- Specialty: Endocrinology
- Treatment: Diet, exercise

= Normal weight obesity =

Metabolically obese normal weight

Normal weight obesity or metabolically obese normal weight, also known as skinny fat, is the condition of having normal body weight, but with a high body fat percentage, leading to some of the same health risks as obesity.

==Definition==

The term "metabolically obese normal weight" (MONW) refers to people with normal weight and body mass index (BMI), who display some metabolic characteristics which increase the risk of developing metabolic syndrome in the same way as obesity. People with MONW have excess visceral fat, and are predisposed to hyperinsulinemia, insulin resistance and thus predisposition to type 2 diabetes, hypertriglyceridemia, hypertension and premature coronary heart disease or cardiovascular disease. The BMI does not capture information about percentage body fat (PBF), which is a better predictor of risk due to obesity. Some studies have suggested that the main factor which explains the metabolic abnormalities in MONW individuals is fat distribution. On the basis of these studies, a scoring method has been proposed to identify MONW individuals, based on the presence of associated diseases or biochemical abnormalities related to insulin resistance.

==Prevalence==
In 2008, the first prevalence of US adults above 20 years was published, based on the National Health and Nutrition Examination Surveys from 1999 to 2004, finding that 24% of normal-weight adults were metabolically abnormal; on the other hand 49% of overweight adults and 68% of obese adults were metabolically abnormal.
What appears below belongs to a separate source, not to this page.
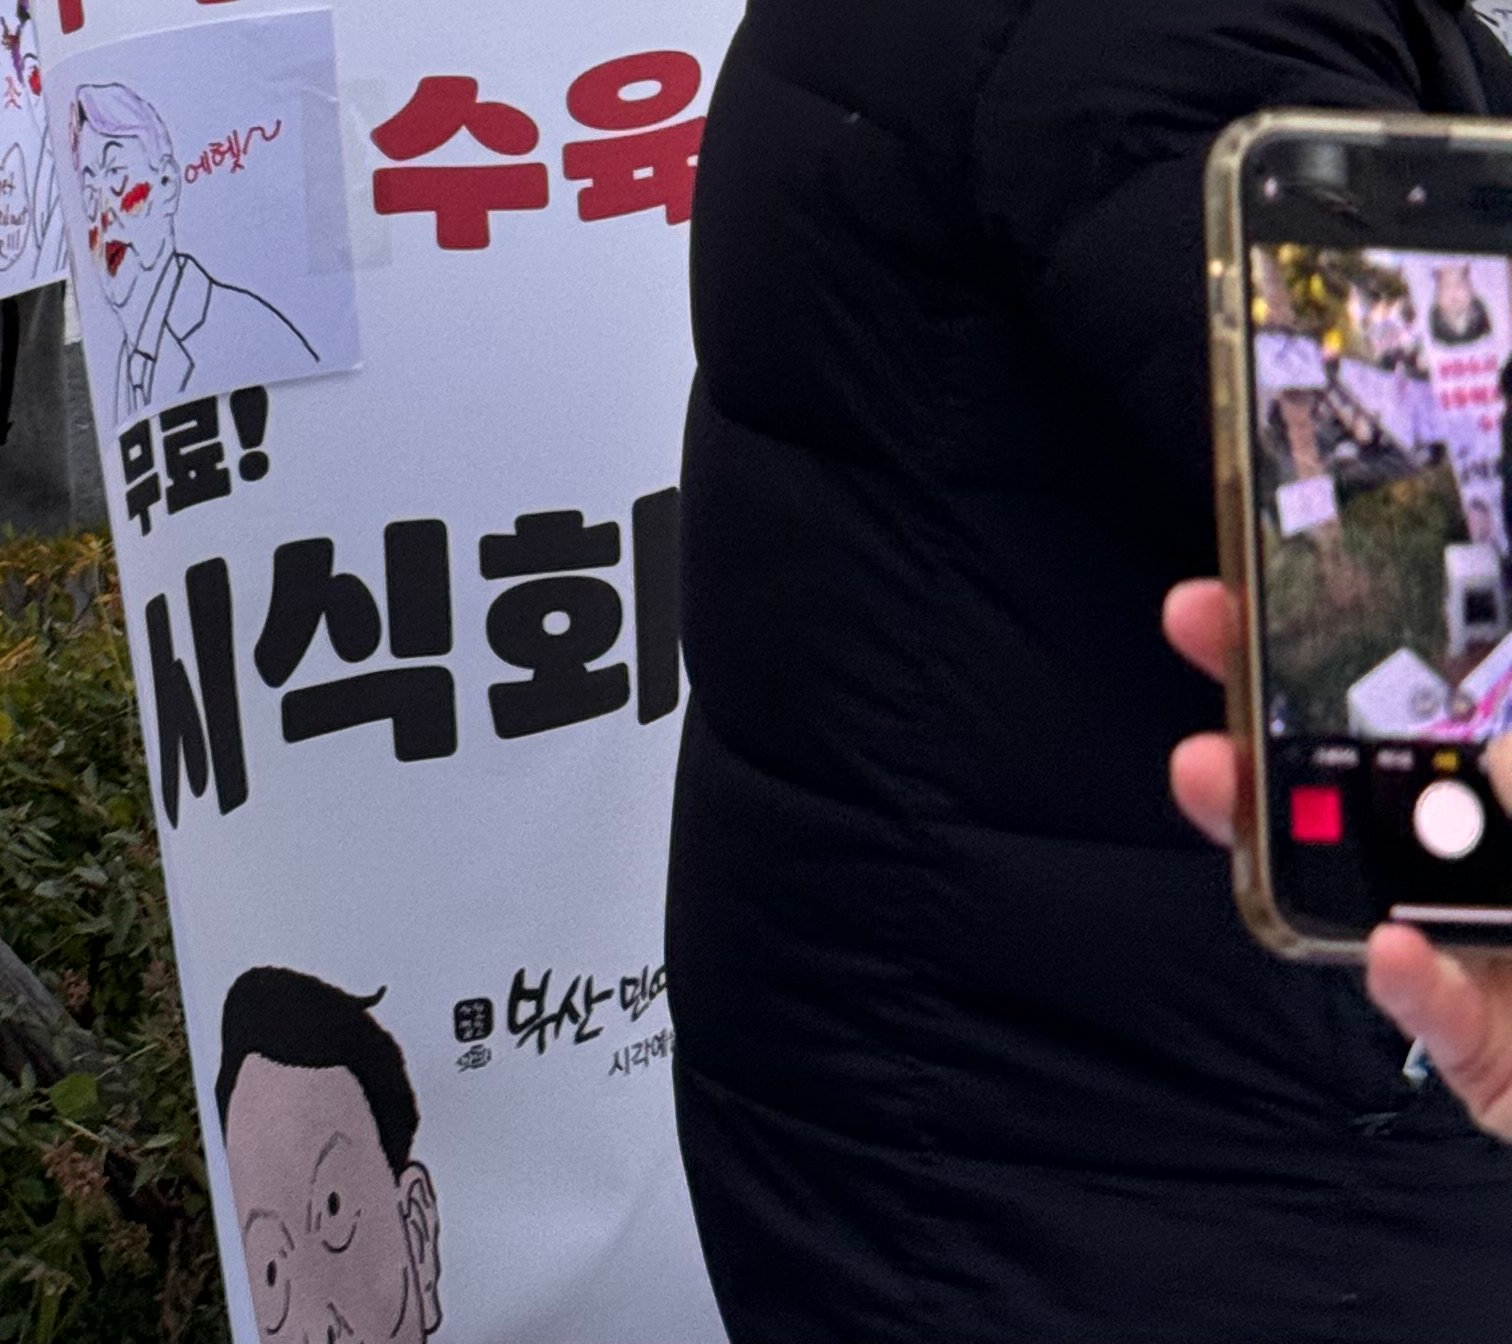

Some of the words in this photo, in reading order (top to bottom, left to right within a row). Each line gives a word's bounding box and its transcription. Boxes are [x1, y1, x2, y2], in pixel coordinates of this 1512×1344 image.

[371, 50, 708, 250] 수육
[119, 385, 270, 536] 무료!
[145, 485, 684, 830] 시식회
[507, 967, 614, 1056] 부산
An analysis from an earlier NHANES from 1988 to 1994 found people with NWO had a four-fold higher frequency of metabolic syndrome compared with the low body fat group. In 2015 the overall presence in the general worldwide population was suggested to be about 20%, with European populations having the highest rate of MONW. Patterns were subject to and also influenced by gender, age, smoking, alcohol use, and region.

==Treatment==
As of 2018, optimal treatment is unknown. A 1998 study suggested that energy restriction and weight loss—‌for example a 4- to 12-week period of diet and exercise—‌was beneficial. A small study of 11 Asians with MONW published June 2018 found that moderate weight loss through dieting reduced their cardiometabolic risk per improved body composition, lipid profile, and insulin sensitivity.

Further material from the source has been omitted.